Exercise brief: The records that follow should be returned exactly, pictures excluded.

Collected data entries:
^^^^^^^^

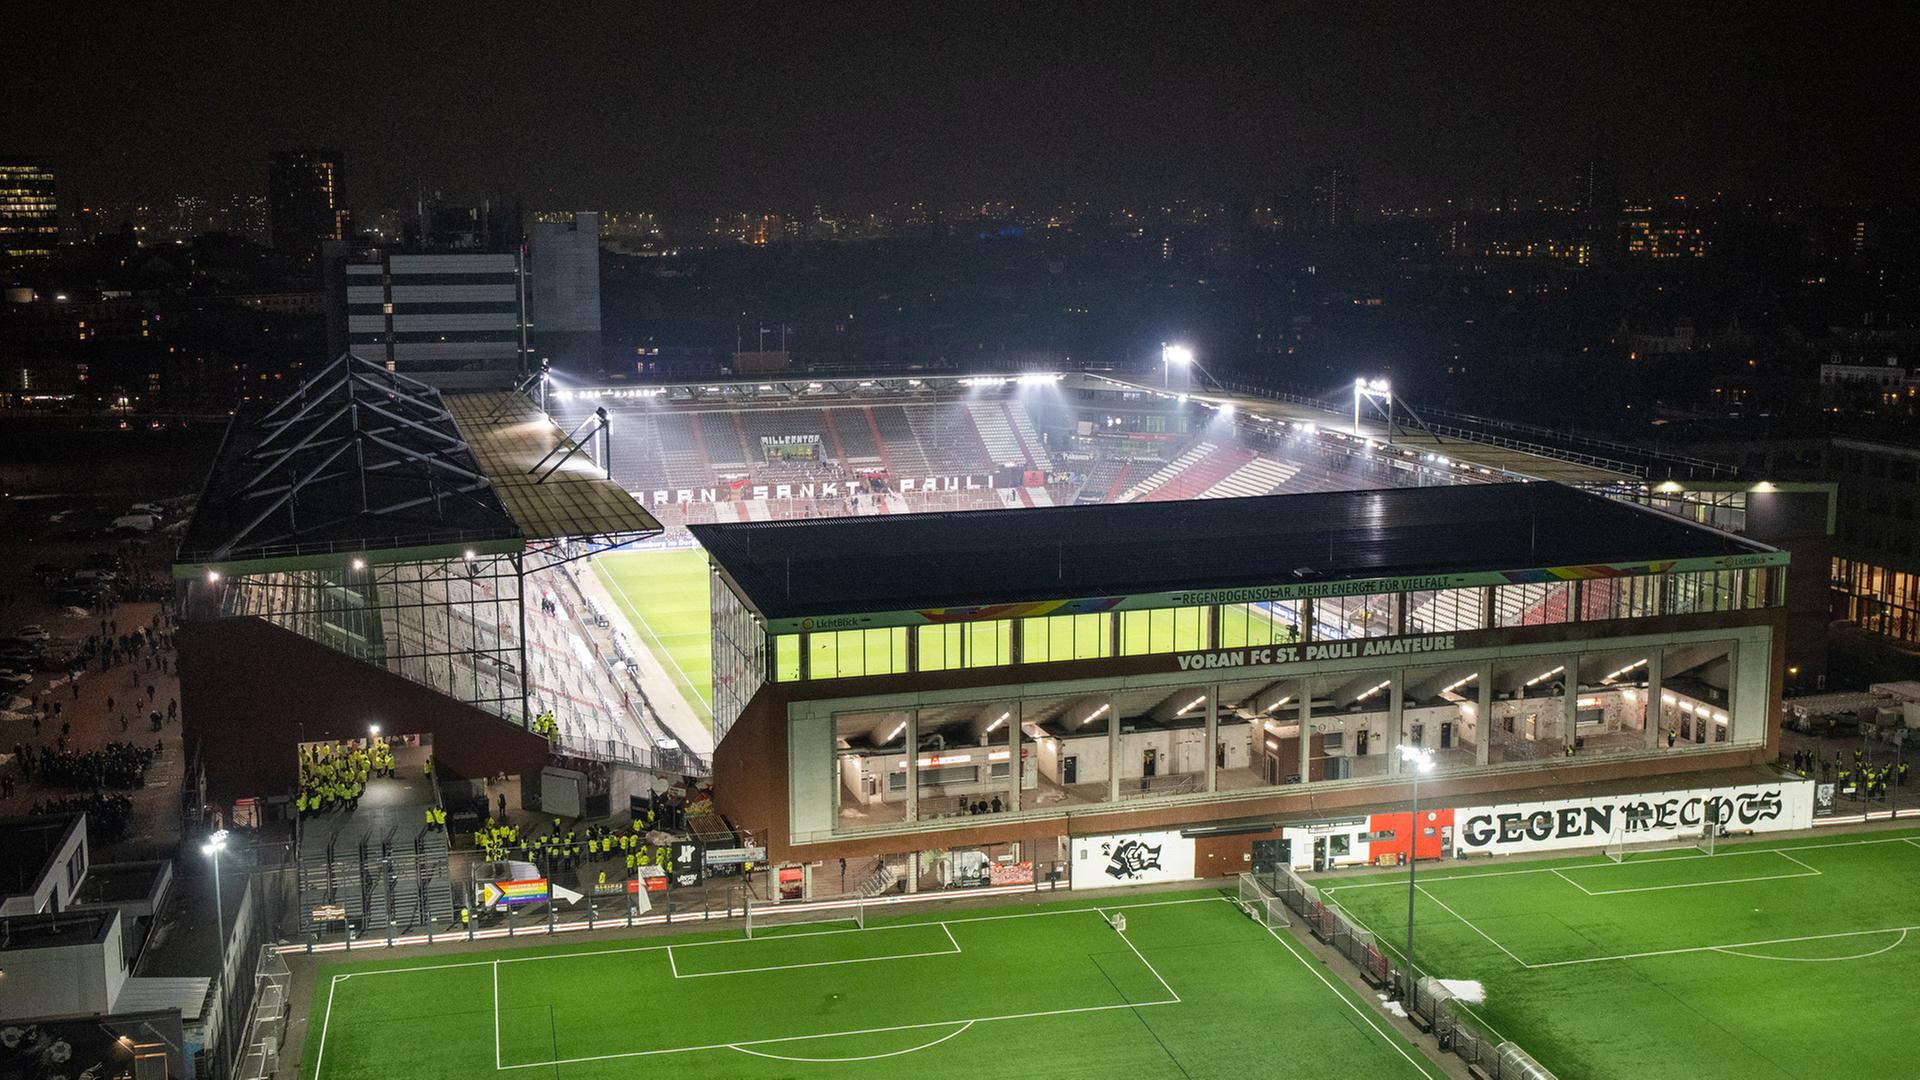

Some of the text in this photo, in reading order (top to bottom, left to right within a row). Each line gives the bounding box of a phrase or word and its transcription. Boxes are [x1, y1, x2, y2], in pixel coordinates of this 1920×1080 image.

[761, 435, 820, 445] MILLERNTOR
[752, 481, 860, 500] SANKT
[900, 475, 994, 493] PAULI
[1182, 576, 1451, 605] REGENBOGENSOLAR. MEHR ENERGIE FÜR VIELFALT.
[816, 617, 859, 629] LichtBlick
[1177, 635, 1455, 671] VORAN FC ST. PAULI AMATEURE
[1462, 789, 1783, 847] GEGEN RECHTS

^^^^^^^^

Reply to the exercise:
Some of the text in this photo, in reading order (top to bottom, left to right within a row). Each line gives the bounding box of a phrase or word and its transcription. Boxes are [x1, y1, x2, y2], in pixel coordinates of this 1920×1080 image.

[761, 435, 820, 445] MILLERNTOR
[752, 481, 860, 500] SANKT
[900, 475, 994, 493] PAULI
[1182, 576, 1451, 605] REGENBOGENSOLAR. MEHR ENERGIE FÜR VIELFALT.
[816, 617, 859, 629] LichtBlick
[1177, 635, 1455, 671] VORAN FC ST. PAULI AMATEURE
[1462, 789, 1783, 847] GEGEN RECHTS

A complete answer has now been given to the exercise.